Türkiye, taraf olduğu tüm uluslararası hak belgelerine rağmen çocukları ne dışarda ne de içerde koruyacak tedbirleri almıyor. Bizzat devletin sorumluluğunda bulunan cezaevlerinde her gün çocukların hakları gasp ediliyor; işkence ve kötü muamele haberleri gelmeye devam ediyor.
2015 yılının ilk günlerinde Cizre, Şırnak, Mardin ve Siirt’te peş peşe çocukların sokaklarda öldürülmesine ve onar onar gözaltına alınmasına tanıklık ettik.
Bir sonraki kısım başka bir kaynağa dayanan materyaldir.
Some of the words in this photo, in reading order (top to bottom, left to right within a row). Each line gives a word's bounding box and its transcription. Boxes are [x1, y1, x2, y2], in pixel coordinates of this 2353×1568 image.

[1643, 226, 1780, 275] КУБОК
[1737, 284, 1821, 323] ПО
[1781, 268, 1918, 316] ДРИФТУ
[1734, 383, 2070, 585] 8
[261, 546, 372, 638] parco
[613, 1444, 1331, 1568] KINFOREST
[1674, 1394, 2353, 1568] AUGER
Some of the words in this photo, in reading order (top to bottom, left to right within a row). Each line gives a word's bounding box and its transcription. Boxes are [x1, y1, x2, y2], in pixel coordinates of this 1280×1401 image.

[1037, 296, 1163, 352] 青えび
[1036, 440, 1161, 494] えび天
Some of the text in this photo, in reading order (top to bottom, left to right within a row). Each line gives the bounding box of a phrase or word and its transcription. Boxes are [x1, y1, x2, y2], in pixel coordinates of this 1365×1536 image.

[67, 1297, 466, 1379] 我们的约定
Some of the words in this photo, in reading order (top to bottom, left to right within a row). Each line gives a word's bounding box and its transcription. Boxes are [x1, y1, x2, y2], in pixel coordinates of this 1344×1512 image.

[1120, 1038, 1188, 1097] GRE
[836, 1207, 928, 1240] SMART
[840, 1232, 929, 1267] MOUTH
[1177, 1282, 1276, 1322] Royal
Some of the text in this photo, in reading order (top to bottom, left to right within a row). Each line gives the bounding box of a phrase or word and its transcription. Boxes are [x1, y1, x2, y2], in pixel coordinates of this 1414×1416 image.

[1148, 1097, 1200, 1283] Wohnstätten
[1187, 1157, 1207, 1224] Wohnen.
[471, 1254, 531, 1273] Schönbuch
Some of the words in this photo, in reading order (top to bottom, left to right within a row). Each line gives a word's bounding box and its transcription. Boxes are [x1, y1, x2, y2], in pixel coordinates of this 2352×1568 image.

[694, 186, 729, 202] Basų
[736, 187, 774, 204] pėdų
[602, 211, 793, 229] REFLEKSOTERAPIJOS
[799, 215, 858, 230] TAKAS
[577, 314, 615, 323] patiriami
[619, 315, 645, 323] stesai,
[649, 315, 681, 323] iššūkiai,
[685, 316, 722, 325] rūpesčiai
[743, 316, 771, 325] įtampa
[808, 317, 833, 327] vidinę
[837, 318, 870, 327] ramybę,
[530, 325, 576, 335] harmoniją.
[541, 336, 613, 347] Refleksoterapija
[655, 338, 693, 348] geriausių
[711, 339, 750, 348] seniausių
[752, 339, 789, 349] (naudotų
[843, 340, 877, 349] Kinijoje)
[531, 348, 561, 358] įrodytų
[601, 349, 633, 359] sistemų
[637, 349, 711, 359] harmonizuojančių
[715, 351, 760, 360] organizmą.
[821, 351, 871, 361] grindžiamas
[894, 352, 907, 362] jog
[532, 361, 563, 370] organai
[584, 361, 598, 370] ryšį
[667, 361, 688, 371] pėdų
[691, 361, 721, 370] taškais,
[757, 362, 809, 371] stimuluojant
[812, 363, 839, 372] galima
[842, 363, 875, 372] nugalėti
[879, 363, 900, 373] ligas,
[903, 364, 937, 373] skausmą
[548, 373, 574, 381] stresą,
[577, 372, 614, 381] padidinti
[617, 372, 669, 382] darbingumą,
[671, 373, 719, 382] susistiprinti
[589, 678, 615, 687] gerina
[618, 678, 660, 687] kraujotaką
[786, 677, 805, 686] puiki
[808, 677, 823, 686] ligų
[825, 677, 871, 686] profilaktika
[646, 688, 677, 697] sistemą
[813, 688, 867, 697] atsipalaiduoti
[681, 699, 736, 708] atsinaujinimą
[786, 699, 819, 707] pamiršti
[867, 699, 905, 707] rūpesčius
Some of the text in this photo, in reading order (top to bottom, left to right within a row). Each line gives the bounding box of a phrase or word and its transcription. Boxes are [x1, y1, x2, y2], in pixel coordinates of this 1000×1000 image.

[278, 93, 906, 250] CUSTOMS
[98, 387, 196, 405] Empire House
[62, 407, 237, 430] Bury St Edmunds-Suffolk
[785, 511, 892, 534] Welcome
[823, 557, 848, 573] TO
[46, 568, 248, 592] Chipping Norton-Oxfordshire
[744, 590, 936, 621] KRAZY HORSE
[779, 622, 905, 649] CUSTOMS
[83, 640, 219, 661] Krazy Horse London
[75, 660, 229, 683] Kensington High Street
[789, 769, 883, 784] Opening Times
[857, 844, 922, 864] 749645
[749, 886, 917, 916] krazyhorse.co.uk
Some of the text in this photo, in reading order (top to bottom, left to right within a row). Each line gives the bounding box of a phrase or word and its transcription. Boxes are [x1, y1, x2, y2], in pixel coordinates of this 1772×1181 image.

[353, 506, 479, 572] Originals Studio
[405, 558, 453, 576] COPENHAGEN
Sokaklarda hayatta kalmayı başaran çocuklar cezaevlerinde bunun bedelini ağır bir şekilde ödemeye devam ediyorlar.
Son bir hafta içinde önce Van Cezaevi’nde kalan çocukların avukatlarıyla yapmış olduğu görüşmelerde gözaltı ve cezaevinde bizzat kamu görevlileri eliyle uğradıkları işkence ve kötü muameleye dair raporlar kamuoyuna yansıdı.
Ardından, daha önce de çocuklara kötü muamele ile gündeme gelen Şakran Cezaevi’nde bu kez; devletin gözetimi ve denetimi altında olan çocukların “birbirlerine” uyguladıkları işkence, taciz ve tecavüze dair haberler basın organlarında yer aldı. Çocukların, devletin denetiminde olan bir yerde olduğu göz önüne alınırsa bu ‘kötü muamelenin’ devlet gözetiminde yapıldığını ve sorumluluğun kamu otoritesinde olduğunu hatırlatmak gerekir.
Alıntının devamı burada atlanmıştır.